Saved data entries
--- START ---

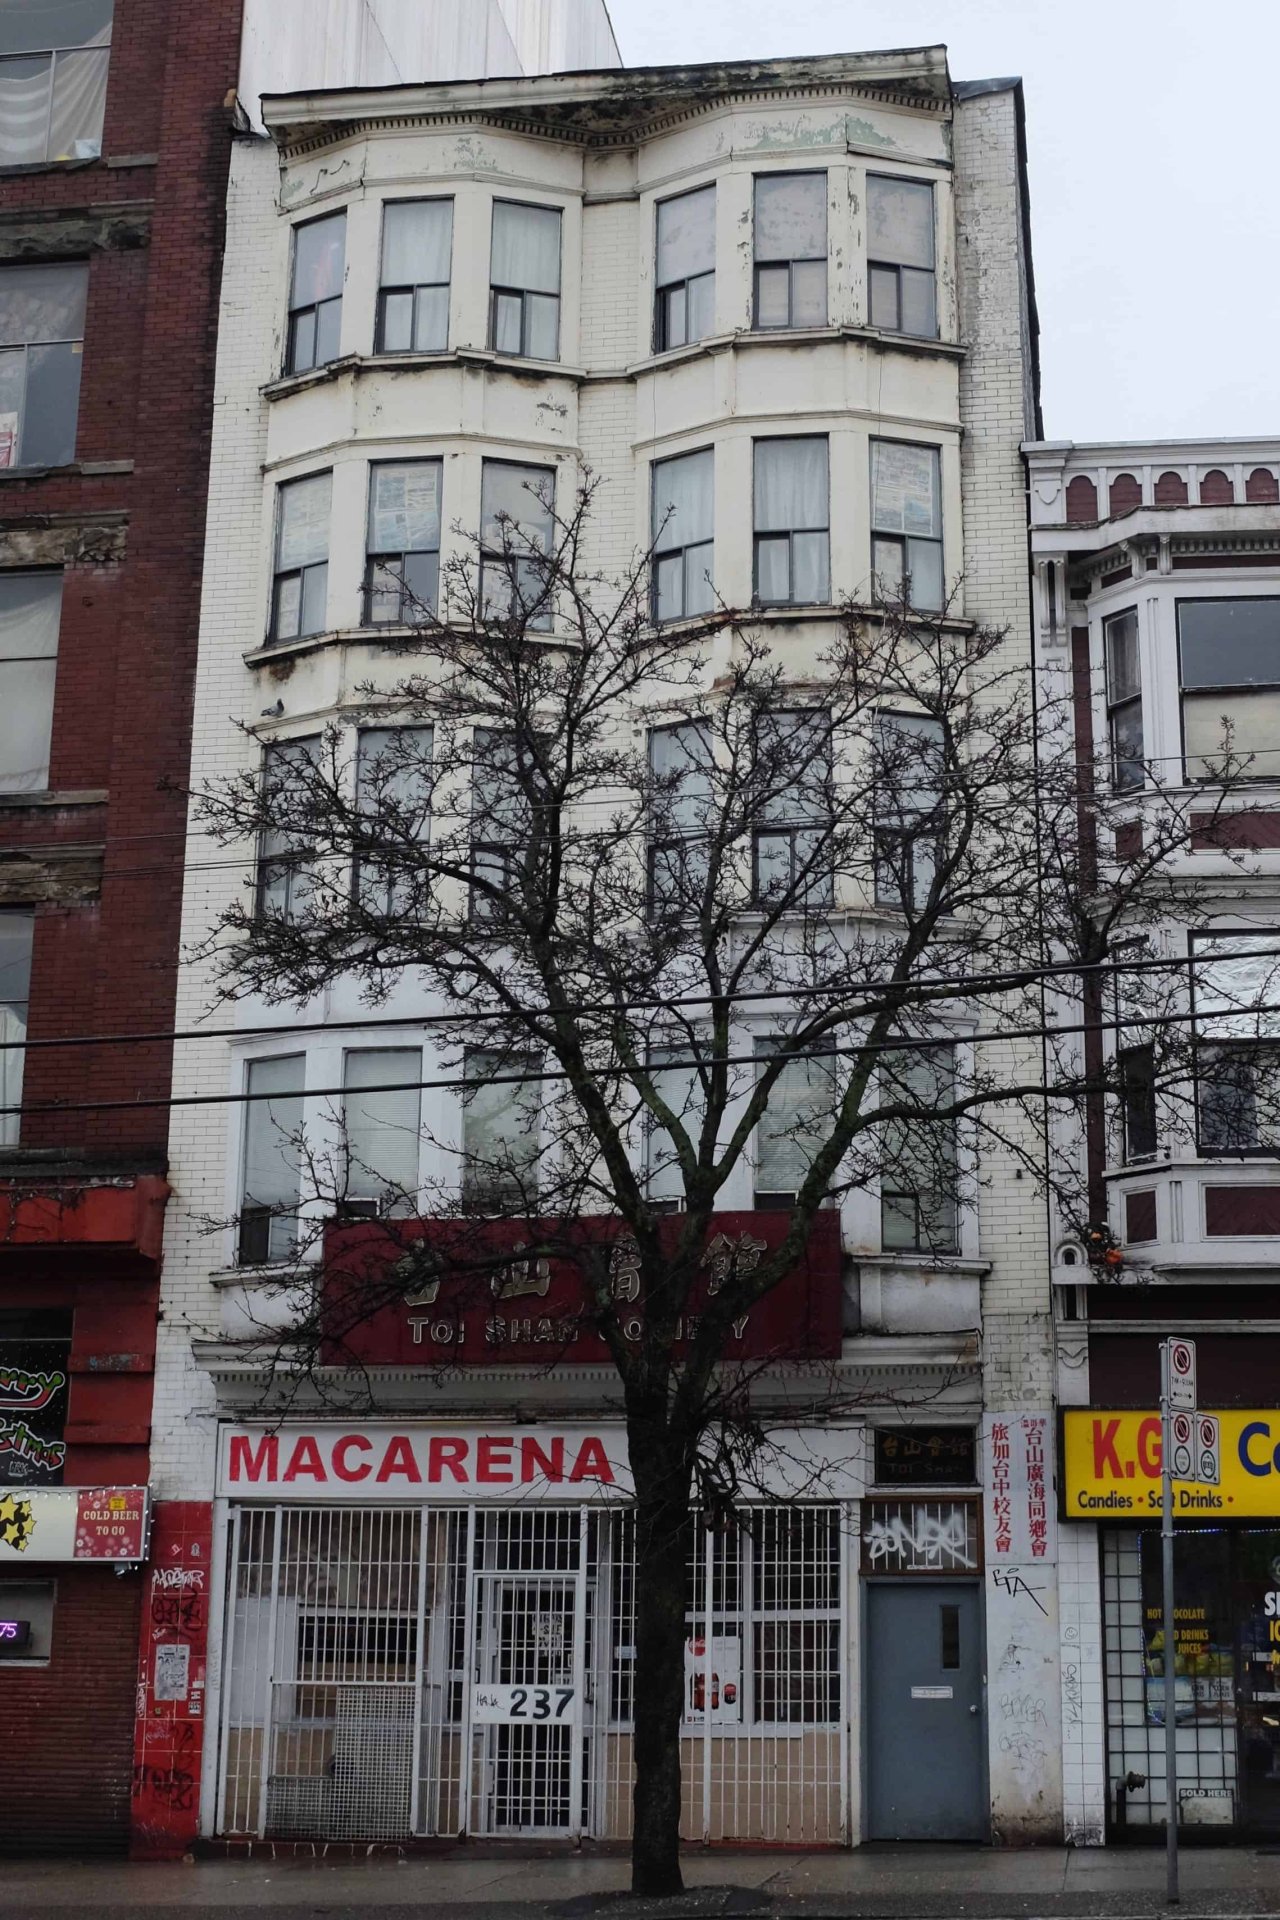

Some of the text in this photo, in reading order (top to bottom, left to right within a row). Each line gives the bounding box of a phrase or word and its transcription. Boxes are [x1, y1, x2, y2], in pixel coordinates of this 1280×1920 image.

[407, 1316, 465, 1344] TOI
[229, 1434, 616, 1483] MACARENA
[991, 1423, 1012, 1553] 旅加台中校友會
[1025, 1428, 1047, 1557] 台山廣海同鄉會
[1078, 1490, 1133, 1509] Candies
[1180, 1490, 1223, 1509] Drinks
[83, 1510, 140, 1521] COLD BEER
[96, 1526, 126, 1536] TO GO
[1147, 1608, 1162, 1619] HOT
[1181, 1628, 1209, 1640] DRINKS
[1178, 1642, 1201, 1654] JUICES
[510, 1688, 575, 1720] 237
[1180, 1789, 1233, 1798] SOLD HERE

--- END ---

Once the pictures are removed, print all the remaining data exactly as it stands.

Task result:
Some of the text in this photo, in reading order (top to bottom, left to right within a row). Each line gives the bounding box of a phrase or word and its transcription. Boxes are [x1, y1, x2, y2], in pixel coordinates of this 1280×1920 image.

[407, 1316, 465, 1344] TOI
[229, 1434, 616, 1483] MACARENA
[991, 1423, 1012, 1553] 旅加台中校友會
[1025, 1428, 1047, 1557] 台山廣海同鄉會
[1078, 1490, 1133, 1509] Candies
[1180, 1490, 1223, 1509] Drinks
[83, 1510, 140, 1521] COLD BEER
[96, 1526, 126, 1536] TO GO
[1147, 1608, 1162, 1619] HOT
[1181, 1628, 1209, 1640] DRINKS
[1178, 1642, 1201, 1654] JUICES
[510, 1688, 575, 1720] 237
[1180, 1789, 1233, 1798] SOLD HERE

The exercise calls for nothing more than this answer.